We say prayer should be a first response not a last result. Prayer is really both. The challenge of hard times comes when all we can do is wait.

Pray Scripture
The Bible gives us many patterns for prayer. Paul particularly records prayer thoughts for our benefit. The Bible says that if we ask according to the will of God we know we have that what we ask. Praying through Scriptures is helpful in this regard.

When going through a challenging time the best word of advice I received was to find a Psalm, grab hold of it, and pray through it regularly.

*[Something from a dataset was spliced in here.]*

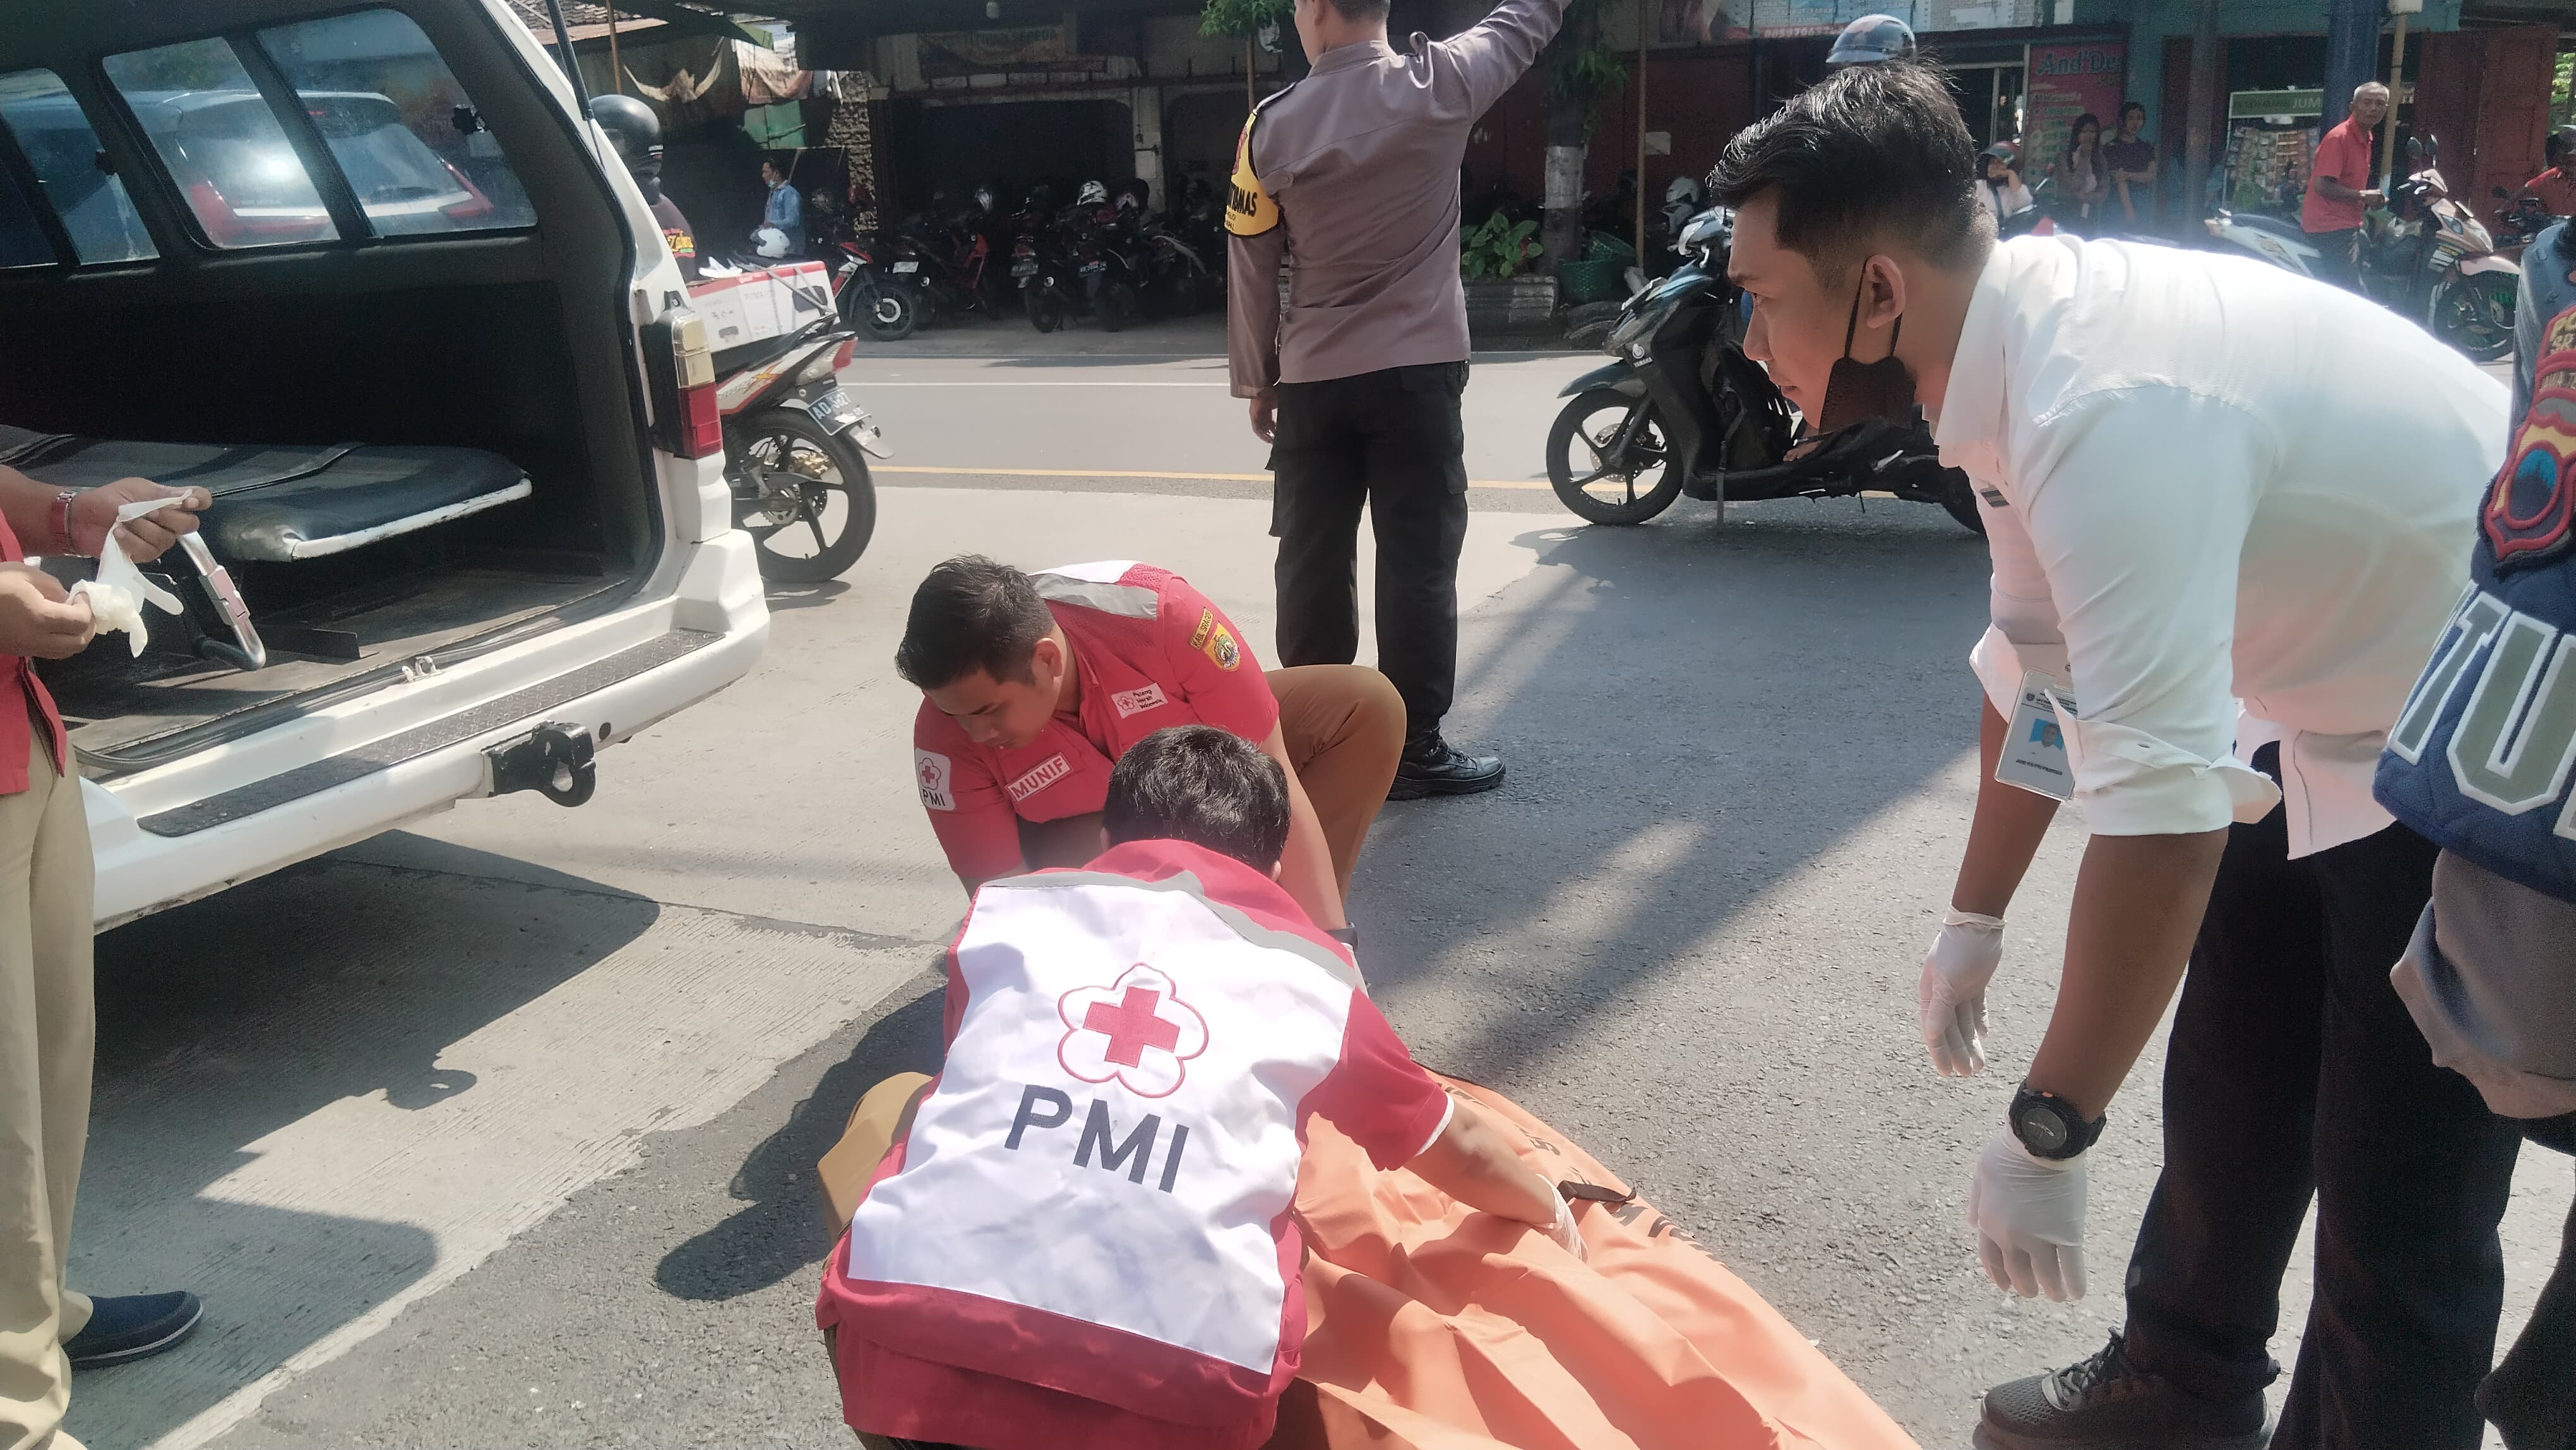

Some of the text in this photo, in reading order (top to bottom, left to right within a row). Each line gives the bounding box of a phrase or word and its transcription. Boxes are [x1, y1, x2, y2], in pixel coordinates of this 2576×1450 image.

So, step one- search the Psalms and find one that speaks to your situation.

Biblical meditation is filling our mind with Scripture. It’s an act of focus on God’s Word. This is different from Eastern meditation that focuses on emptying one’s mind. Choosing a Psalm helps in filling our minds with Scripture. So, step two- read and focus on this Psalm regularly.

This can take on many forms, but one thing you want to do is to record God’s faithfulness. By choosing a Psalm it can guide you about what to write. Step three- write what Gods is doing.

The bottom line:
Prayer is key to navigating hard times. Often we don’t know what to pray as we wait for God to show up. Pick a Psalm and grab hold of it. It will guide and sustain you through challenging times.

For peace?

People often ask for peace. I spoke with young men this morning about for keys to having peace. A good reminder for us all.

1) Work through conflict Phil 4:2-3
Work through or help others work through conflict. Avoiding conflict will result in a lack of peace. Choose courage and work through conflict.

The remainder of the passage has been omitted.